Last week was E3, the computer games industry’s annual gathering designed to showcase upcoming hardware and software to eager consumers. And while there were plenty of titles for gamers to get excited about, there was a noticeable missing element to most of the presentations that anyone who’s been following the tech industry for the past few years couldn’t help but pick up on.

In many ways, games have helped pave the way for a huge number of tech advances. The first computers in most consumers’ homes weren’t desktops or laptops, but games consoles. The push for online gaming helped develop the capabilities that now support streaming video and cloud storage. When smartphones were in their infancy, it was the game developers who were building the first in-app purchase features and creating the first mobile ad formats to monetise their software. And it is to gaming that we look for our next great advance – the popularisation of virtual reality.

Only in this case, it seems as those the gaming industry isn’t there.

Glance at the titles announced at this year’s E3, and it won’t take you too long to spot a common theme among the virtual reality releases from big name studios. The Elder Scrolls V: Skyrim for Playstation VR. Doom VFR. Fallout 4 VR. Superhot VR. All the notable titles are virtual reality versions of existing games, some of them over five years old.

There was little sign of virtual reality being integrated into the big new releases from games studios in an organic way, or VR versions of games getting equal billing and a simultaneous release with their console or desktop counterparts.

The muted fanfare for VR was hardly a surprise. While last year’s E3 saw virtual reality dominate the narrative thanks to the reveal of the Playstation VR, the reception among industry analysts was mixed. Some said that the flood of games, software and experiences seen for the PSVR, Oculus Rift and HTC Vive simply showed how far the technology still had to go, while others said that the focus E3 had placed on these platforms would actually be terrible for the future of VR.

A year later, and both device and software makers seemed a lot more gun-shy going into E3 2017. Sony has rolled back the scale of its promotion for the PSVR now the headset has launched, and Microsoft’s Xbox barely touched on VR at all, despite the announcement of a new version of the console.

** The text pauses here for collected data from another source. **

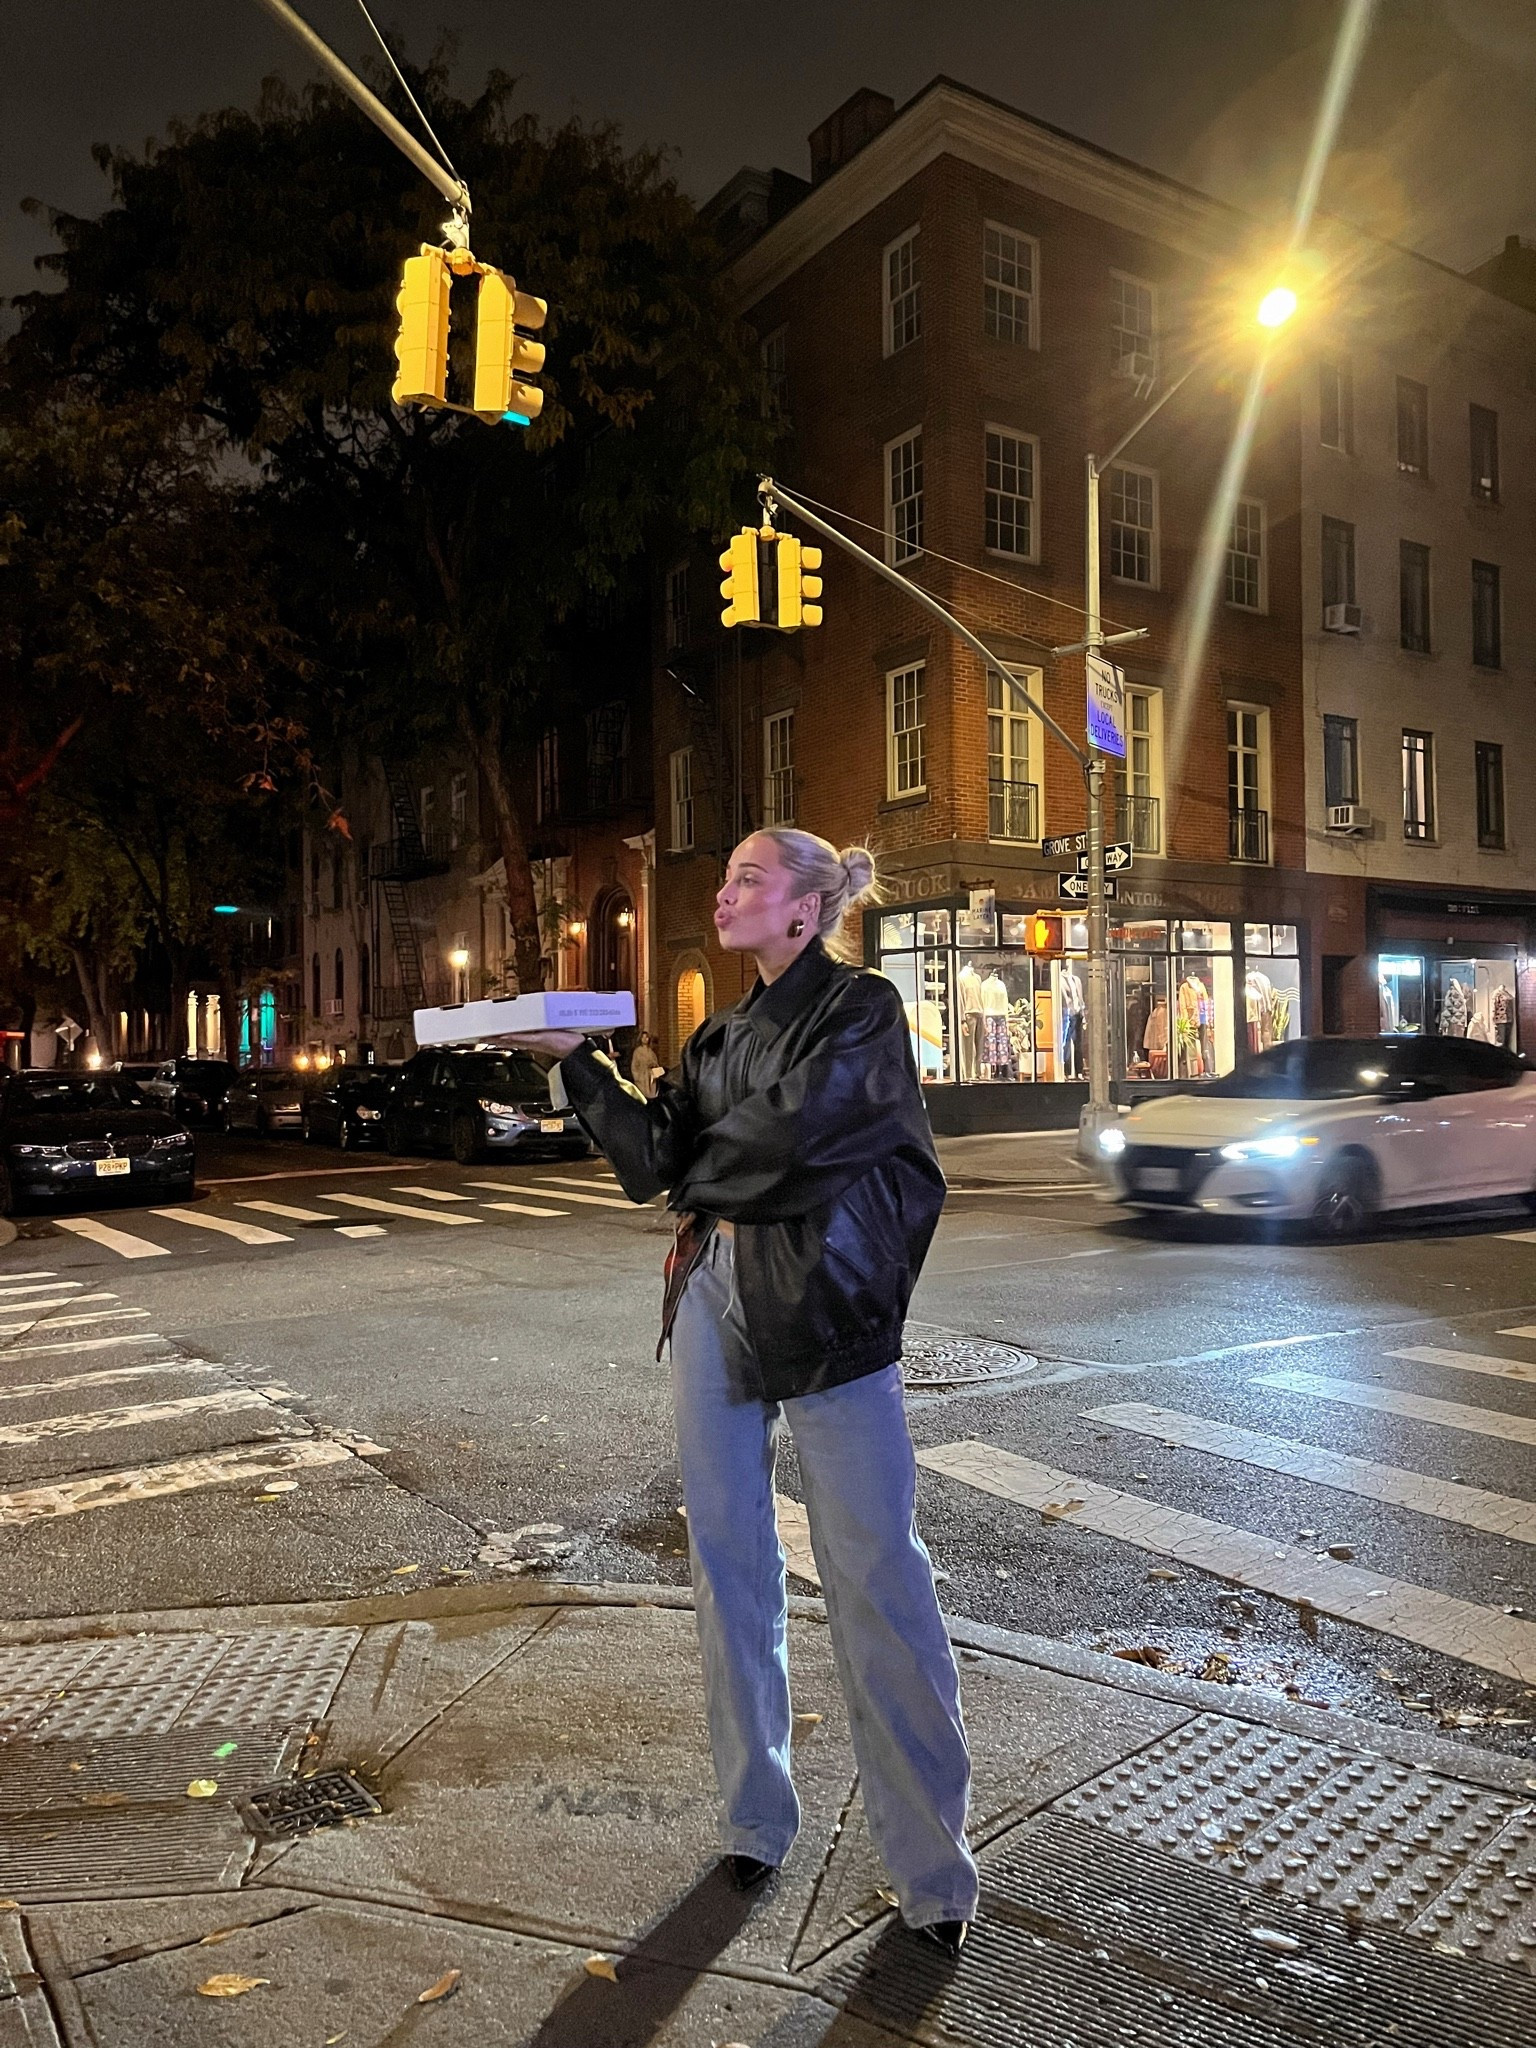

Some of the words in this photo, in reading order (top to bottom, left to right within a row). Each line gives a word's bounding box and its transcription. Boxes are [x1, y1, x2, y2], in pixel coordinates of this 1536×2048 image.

[1101, 669, 1111, 684] NO
[1095, 682, 1118, 703] TRUCKS
[1097, 710, 1117, 729] LOCAL
[1090, 723, 1123, 747] DELIVERIES
[1043, 837, 1071, 856] GROVE
[1075, 834, 1086, 850] ST
[1106, 852, 1123, 864] WAY
[1069, 881, 1088, 892] ONE

Even the firms responsible for the new wave of consumer-grade VR headsets had a reduced presence at E3 this year. HTC Vive didn’t have its own booth, instead allowing software partners to show off their own demos and focusing on “ecosystem growth”. Oculus followed suit, letting developed like Hidden Path, Ready at Dawn and 4A show off their work on the device.

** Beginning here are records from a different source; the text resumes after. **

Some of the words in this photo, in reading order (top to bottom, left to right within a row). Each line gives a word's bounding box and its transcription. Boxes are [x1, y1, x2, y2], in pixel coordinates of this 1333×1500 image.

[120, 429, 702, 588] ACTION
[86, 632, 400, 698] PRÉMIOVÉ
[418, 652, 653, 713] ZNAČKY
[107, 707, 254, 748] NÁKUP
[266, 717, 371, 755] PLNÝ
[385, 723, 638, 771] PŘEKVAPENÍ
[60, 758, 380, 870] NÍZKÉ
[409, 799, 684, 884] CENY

Microsoft, which has produced the ‘mixed reality’ HoloLens, appears to be holding off a commitment to VR at the moment, and any headset it does produce for the console market will likely be a wireless mixed reality device similar to the HoloLens, and won’t arrive until 2018.

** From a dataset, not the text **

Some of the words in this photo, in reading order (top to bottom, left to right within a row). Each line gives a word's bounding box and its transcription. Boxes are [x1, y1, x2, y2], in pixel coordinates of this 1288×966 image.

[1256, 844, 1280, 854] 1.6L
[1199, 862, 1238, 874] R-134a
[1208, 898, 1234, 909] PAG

“Our primary focus is making our mixed reality experiences a success on Windows 10 PCs,” said Alex Kipman, technical fellow at Microsoft in an interview with Polygon. “We believe that right now a Windows PC is the best platform for mixed reality as its open ecosystem and enormous installed base offer the best opportunity for developers, and Windows offers the most choices for consumers.”

With these major stakeholders in the digital entertainment world seemingly reticent to commit to virtual reality, the question seems to be ‘Will VR ever find a sustainable audience?’ While marketers have trumpeted the formats immersion and ability to deliver experiences unlike any other media, agencies and brands have mostly relied on tech firms and games developers to scout this uncharted territory.

Sony may have sold 1m Playstation VR headsets in the past year, but without software that goes beyond short, gimmicky experiences, those headsets risk joining the dance mats, Rock Band guitars and Donkey Kong bongos in the heap of abandoned console peripherals. And without a significant commitment to the format by the game development community, will the dream of VR in every home ever take off?